Budget Trailer bill 502 proposes to increase the registration dollar thresholds that were set in SB 854. Contractor registration would be required for new construction that is $25,000, previously $1,000, and $15,000 for maintenance projects. The Budget Trailer bill would also create new civil penalties that would be imposed by the State Labor Commissioner. Any contractors or subcontractors that do not register with the DIR will be fined $100 per day, with a limit of $8,000. Additional fines of $100 per day, up to $10,000, would apply to any contractors who employ unregistered subcontractors. This could also result in the loss of registration for the current fiscal year and disqualification from registering in the following year. Moreover, a first time violation would not result in the loss of registration if it was unintentional.

In addition to changes in penalties, if a contractor or subcontractor is found to be unregistered then the State Labor Commissioner will now be required to issue a stop order. The stop order would require the contractor or subcontractor to stop work on all public works until they have registered with the DIR. If a stop order is issued it will be effective immediately, but will be subject to appeal. Any and all parties, including the contractor, subcontractor, or the public agency may appeal. Moreover, if the stop order is disregarded then the bill introduces a new criminal penalty. The criminal penalty would be a misdemeanor punishable by a maximum of 60 days in jail or a fine not exceeding $10,000.

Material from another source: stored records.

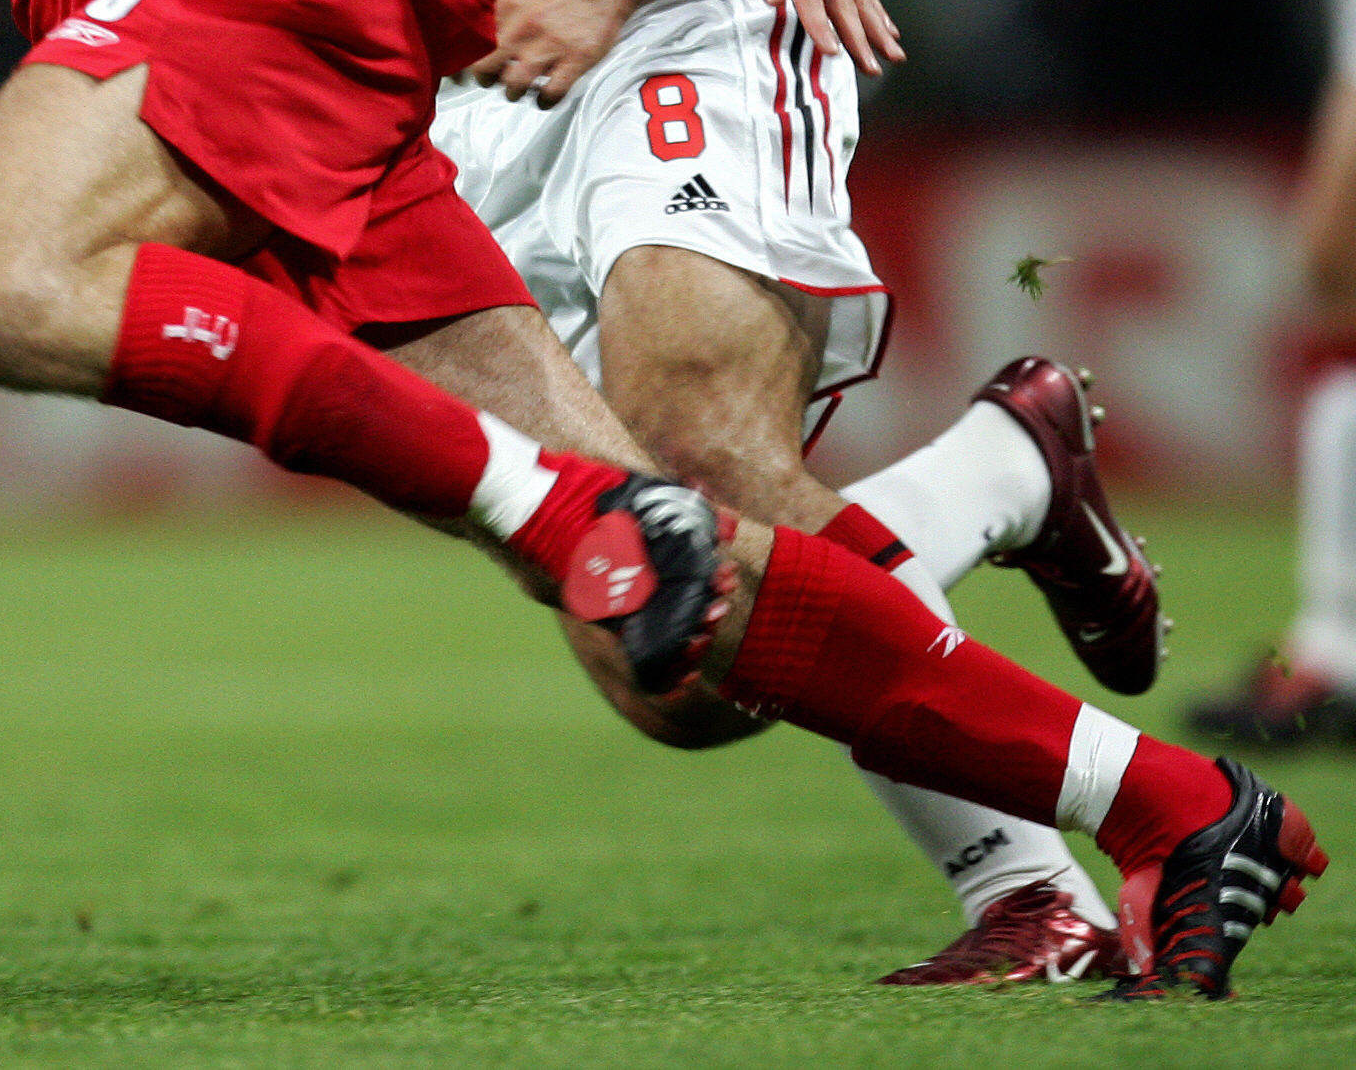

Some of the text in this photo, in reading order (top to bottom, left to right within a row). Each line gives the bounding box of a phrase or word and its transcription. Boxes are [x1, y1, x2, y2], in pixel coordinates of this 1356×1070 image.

[639, 73, 706, 162] 8
[664, 196, 730, 215] adidas
[946, 827, 1011, 878] ACM
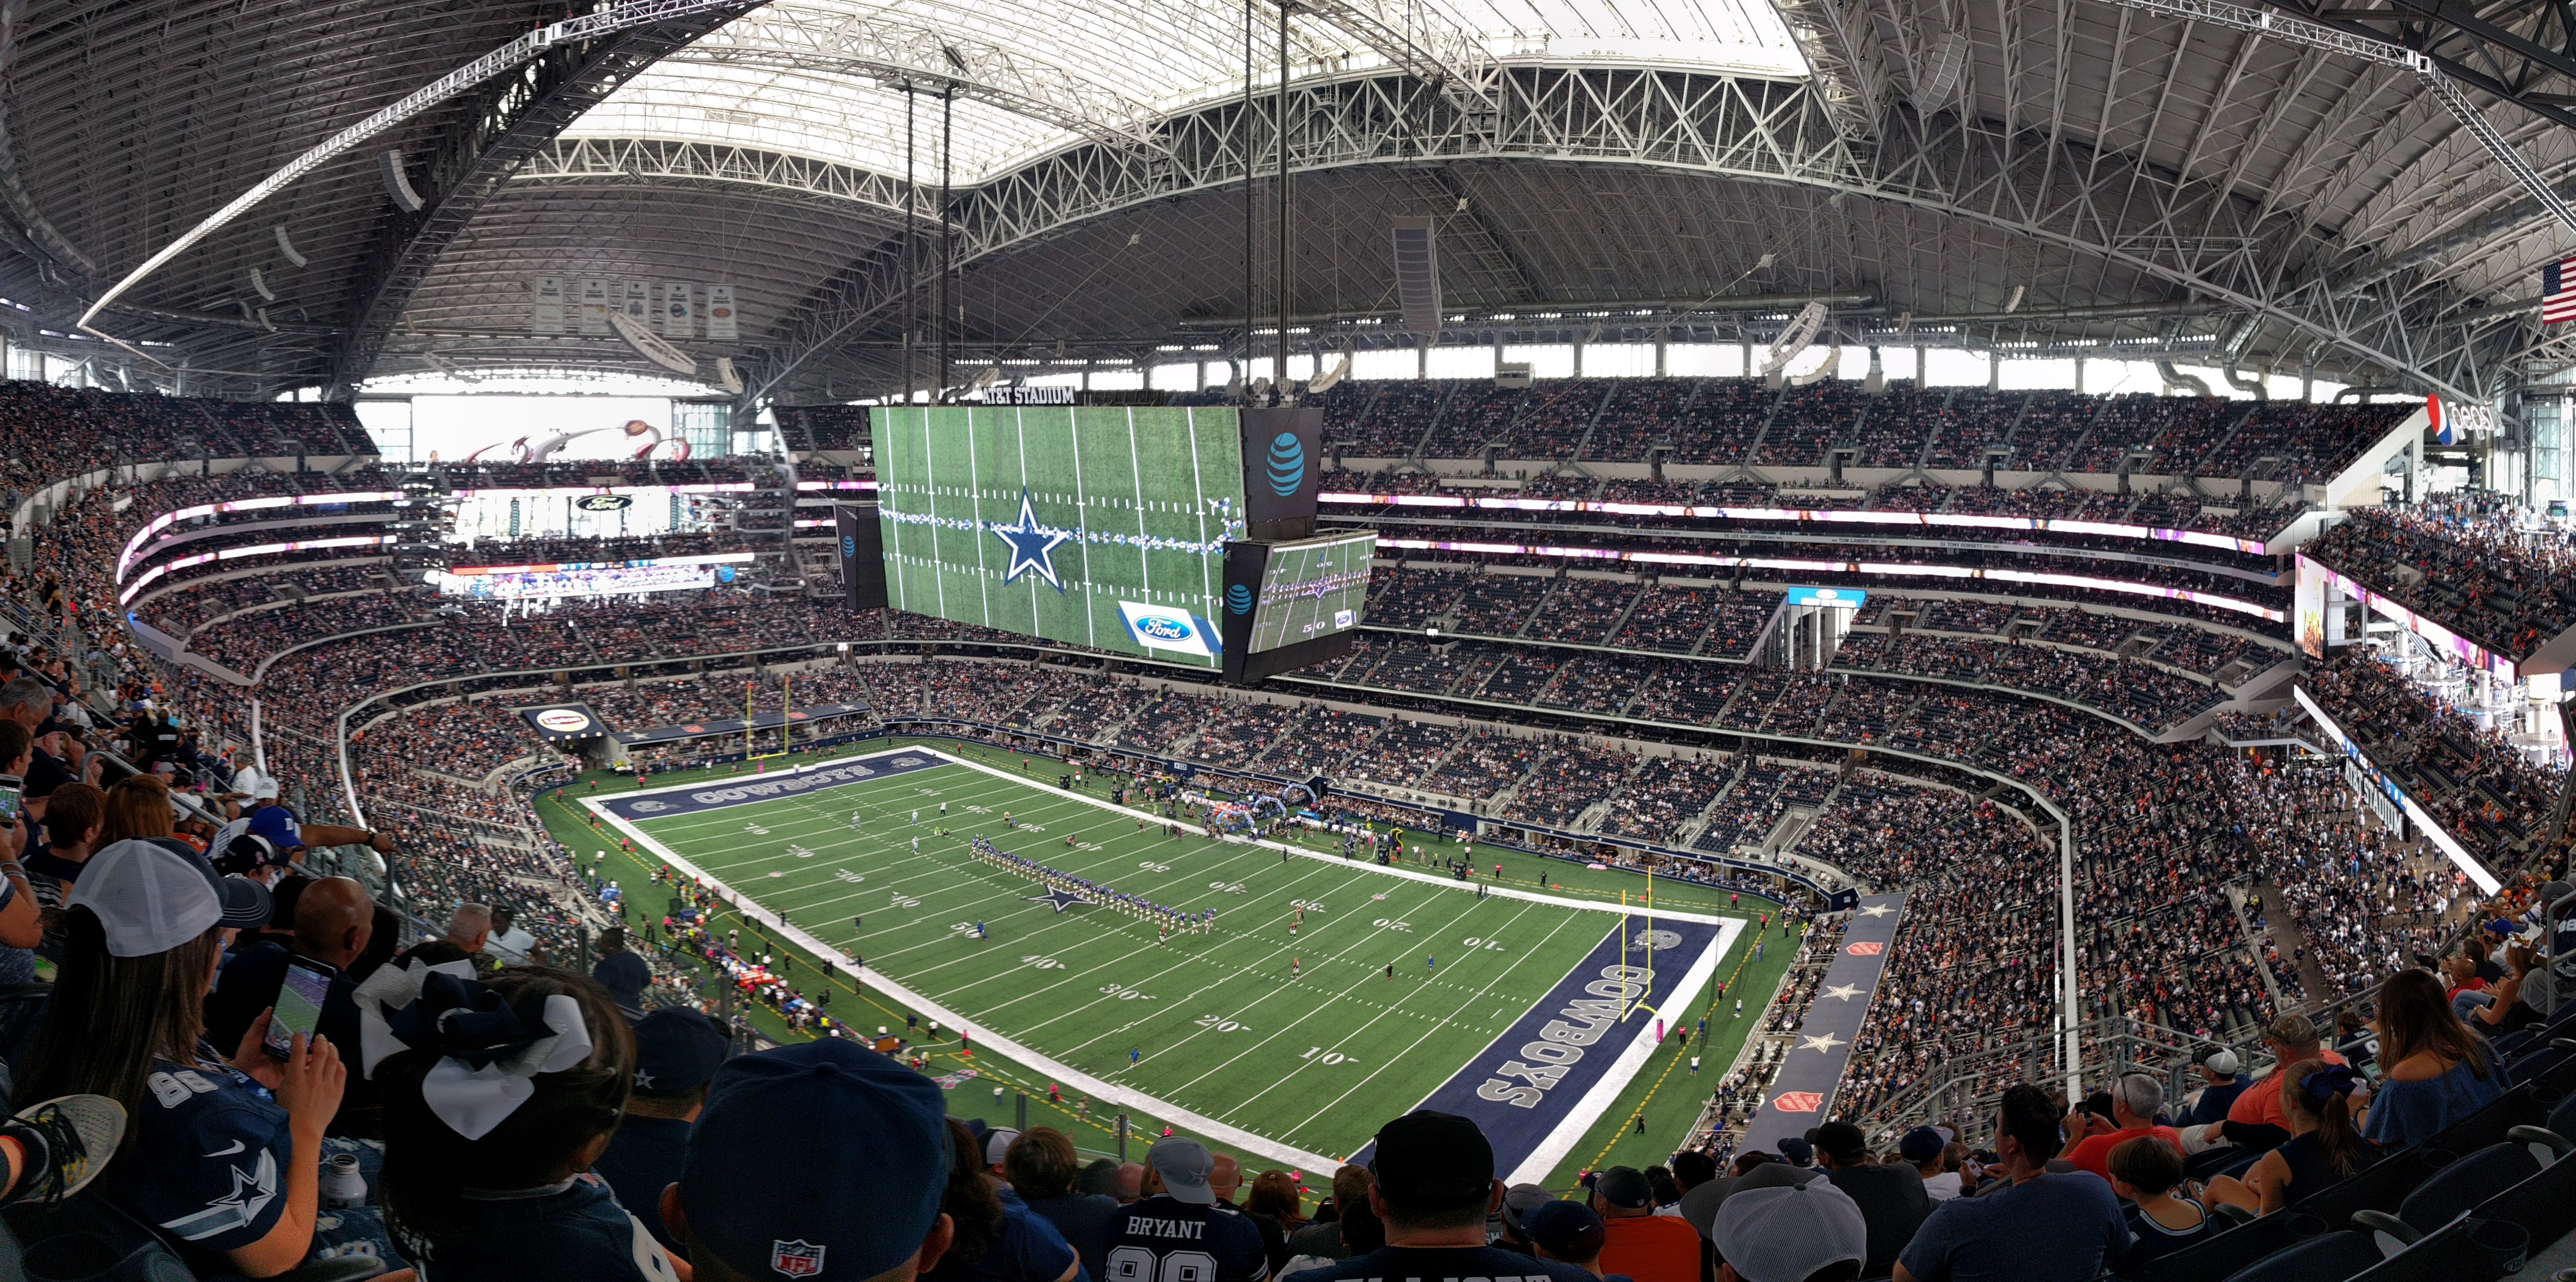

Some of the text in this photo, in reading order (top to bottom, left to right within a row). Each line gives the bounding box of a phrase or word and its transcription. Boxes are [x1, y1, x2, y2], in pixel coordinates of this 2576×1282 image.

[982, 386, 1075, 404] AT&T STADIUM
[2451, 400, 2496, 440] pepsi
[586, 497, 624, 510] Ford
[1145, 617, 1182, 639] Ford
[1302, 621, 1325, 633] 50
[691, 765, 875, 804] COWBOYS
[2344, 757, 2364, 796] AT&T
[2364, 776, 2404, 842] STADIUM
[950, 921, 984, 939] 50
[1099, 983, 1140, 1000] 30
[1193, 1014, 1239, 1032] 20
[1477, 965, 1655, 1108] COWBOYS
[1298, 1046, 1345, 1065] 10
[147, 1070, 219, 1109] 88
[1126, 1216, 1206, 1240] BRYANT
[777, 1255, 817, 1274] NFL
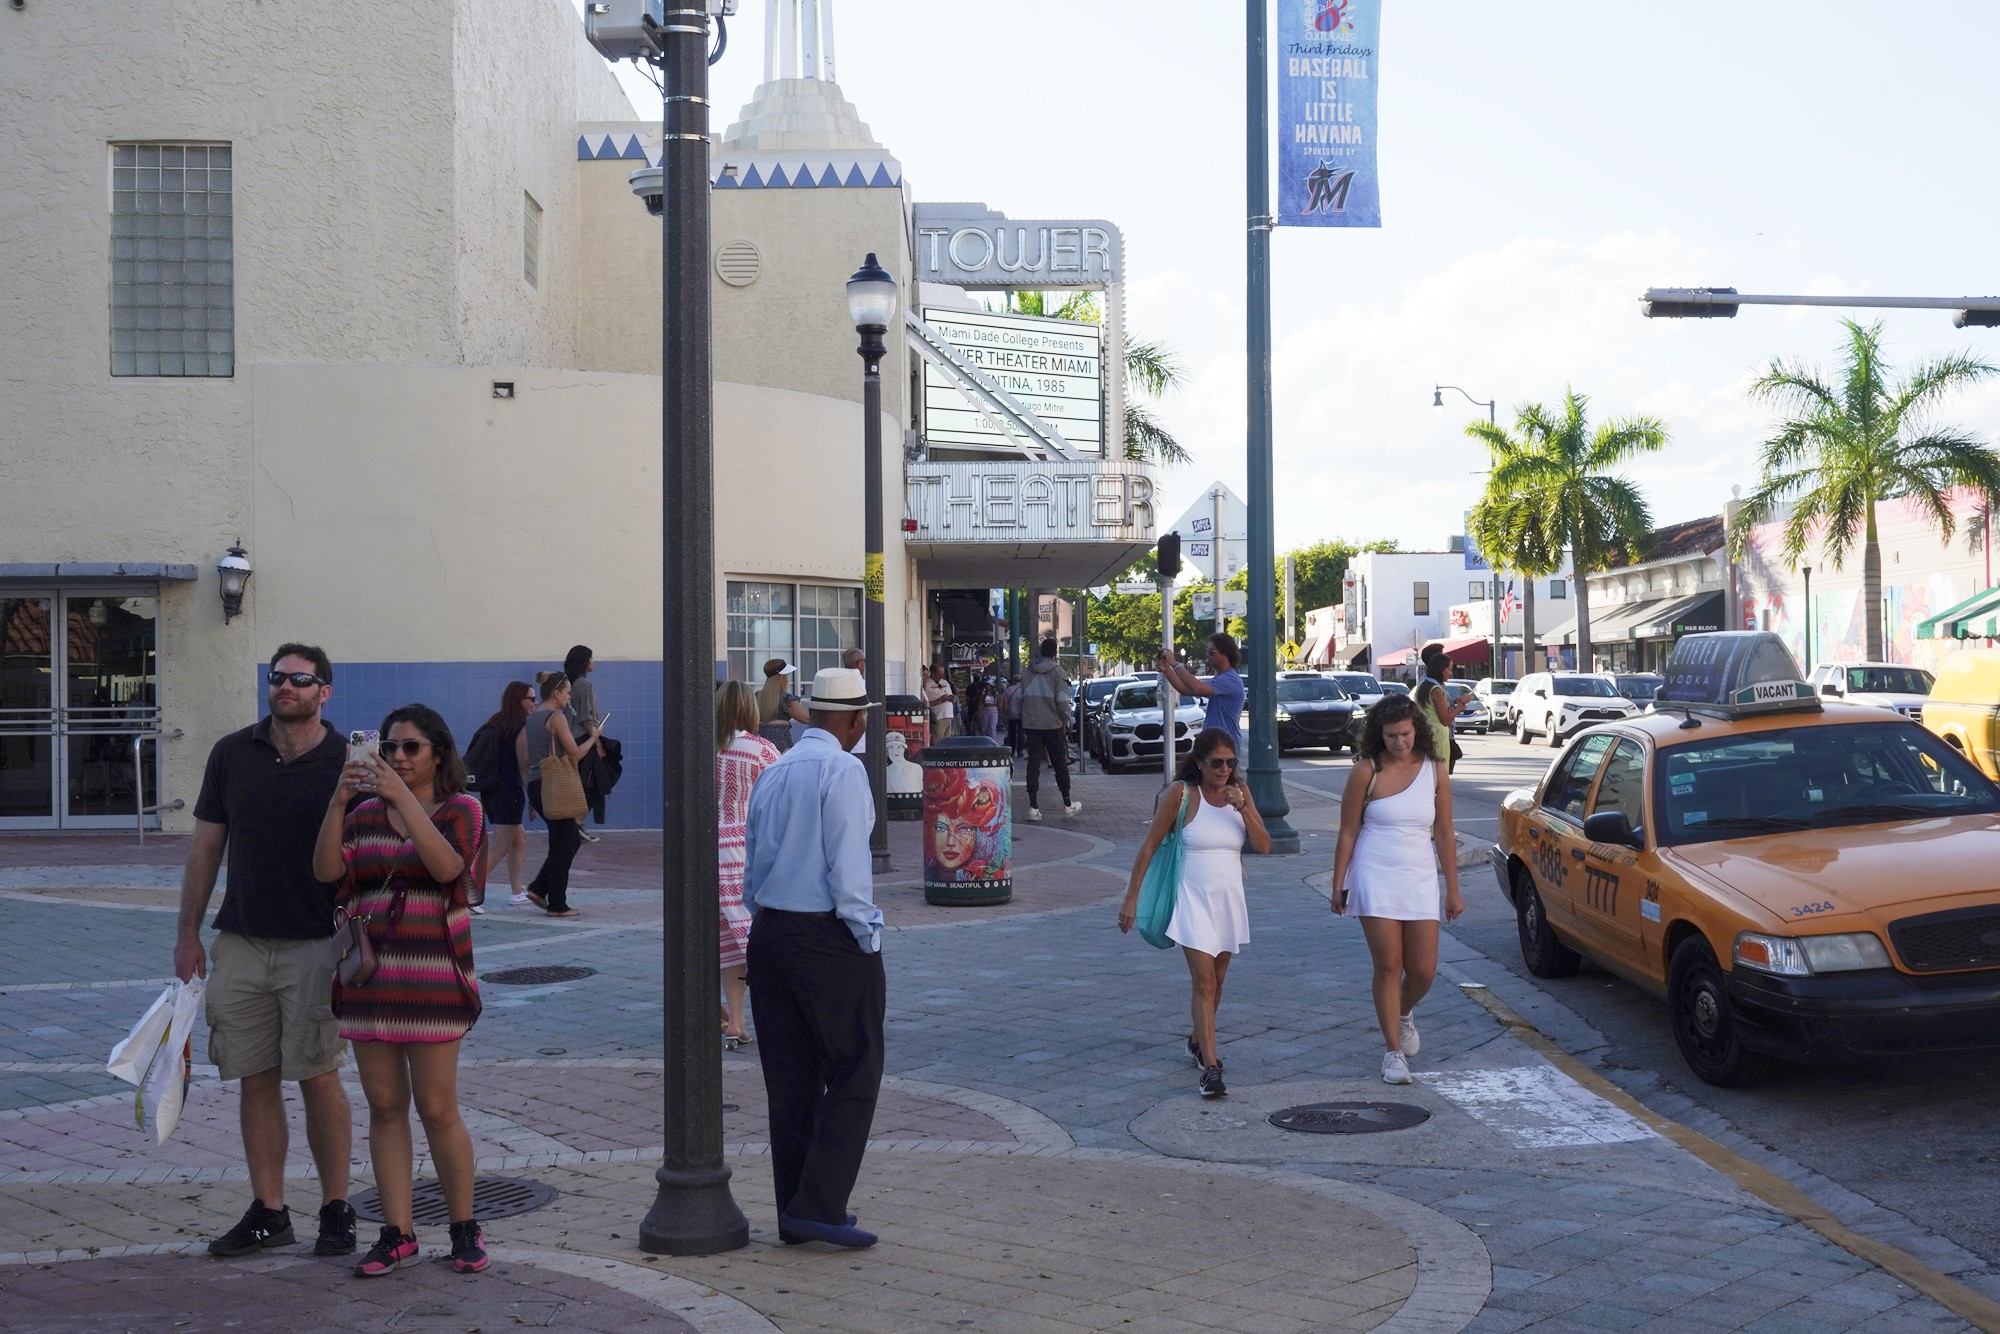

There are also changes in the requirement for furnishing records of registration to the State Labor Commissioner. If a contractor or subcontractor is working on a project that exceeds the minimum threshold requirements, $25,000 for new construction and $15,000 for maintenance, then they must maintain registration records for at least three years after work in completed on a project. This requirement applies to all contracts, new or ongoing, on or after January 1, 2016.

Finally, Budget Trailer bill 502 also provides public agencies with additional time to report eligible public works projects to DIR. Agencies will now have 30 days from contract award instead of five days to provide the DIR with notice of new public works projects . Also, agencies will have to report the registration number in addition to the name of the contractor. If agencies fail to provide the notice required, or enter into a contract with an unregistered contractor or subcontractor, then they will be subject to a fine of $100 per day with a limit of $10,000 per project. Moreover, if a public agency is found to have violations on two or more public works projects, it will become ineligible for state funding for a construction project for a year.